Plattenbauten buildings might best be described as "pre-fab". One of myvsources asserts that the Dutch created the technique, and the most common type of Platte in Berlin was the WBS 70 (Wohnbauserie 70). Following the war, there was an acute housing shortage in Berlin, and the Soviets had essentially looted all the heavy equipment in their sector. Simply put, there was no way that the GDR could rebuild without sufficient raw materials and enough heavy equipment. Even though the SED called for "National Building" in 1952, and although the next 20 years saw some impressive constructions (for propaganda and prestige purposes), the housing shortage remained an acute "political-social" problem, threatening the legitimacy of the regime.
Then, in the 70s, when the construction of public buildings such as the Fernsehturm or the Haus des Lehrers was completed, the regime initiated a large-scale housing program. There are entire areas of the city that consist almost entirely of Plattenbauten. In areas such as Berlin Mitte, near the wall, builders added appropriate mosaics or facades, in an attempt to retain the historical feel of the neighborhood, but they never really lived up to West German standards. The bathrooms in these apartments have no proper ventilation. Mine had a series of holes in the base of the door to encourage air circulation. For that reason they were called "Wet-cells". Nonetheless, it appears that East Germans prized their apartments when they finally got them. Like their Trabis, they lavished individual attention on their new personal property. Unfortunately, because each apartment was built to identical specifications, and because all the available furniture was built to identical specifications, they usually looked almost identical. But, like so many things in the GDR, the differences were subtle.

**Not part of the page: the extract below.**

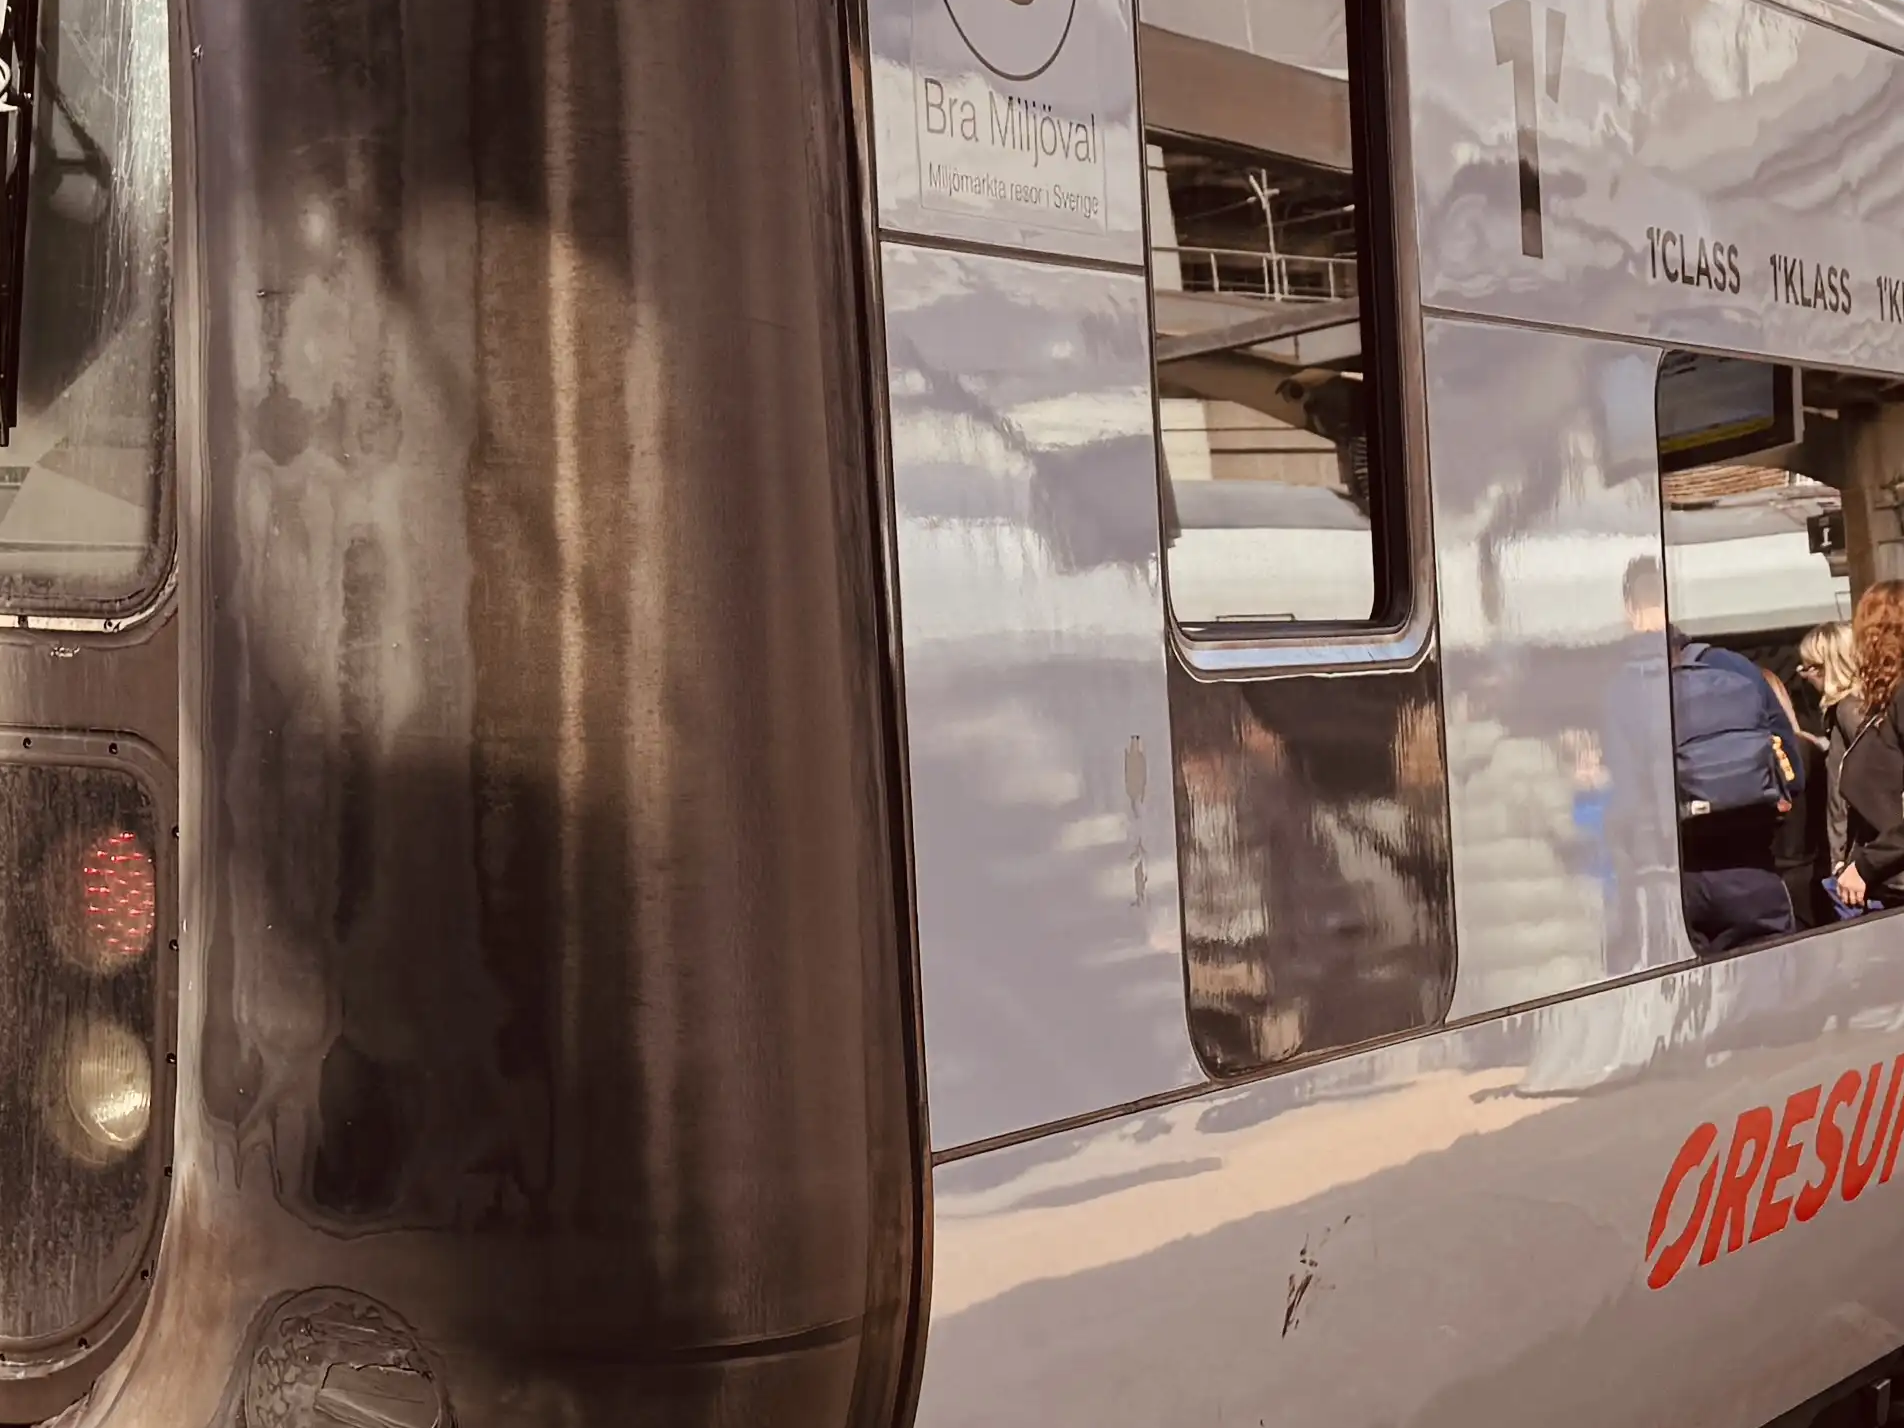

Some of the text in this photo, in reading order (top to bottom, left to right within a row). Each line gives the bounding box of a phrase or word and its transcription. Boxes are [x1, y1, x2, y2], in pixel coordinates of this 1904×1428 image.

Scholars described the GDR as a Nischengesellschaft or "niche-society". It was necessitated by the constant surviellance and pressure to conform. Individuals would express their differences in safe spaces with close friends and family. These "niches" would be their new, damp apartments, their "dachas" (garden-houses or larger vacation cottages), and their hard-to-come-by Trabant automobiles. Although the SED provided them with youth clubs and art and leisure centers, but the common people avoided them. Instead, them met in small groups at their "dachas". Individually, they would read world literature rather than watch state-controlled television.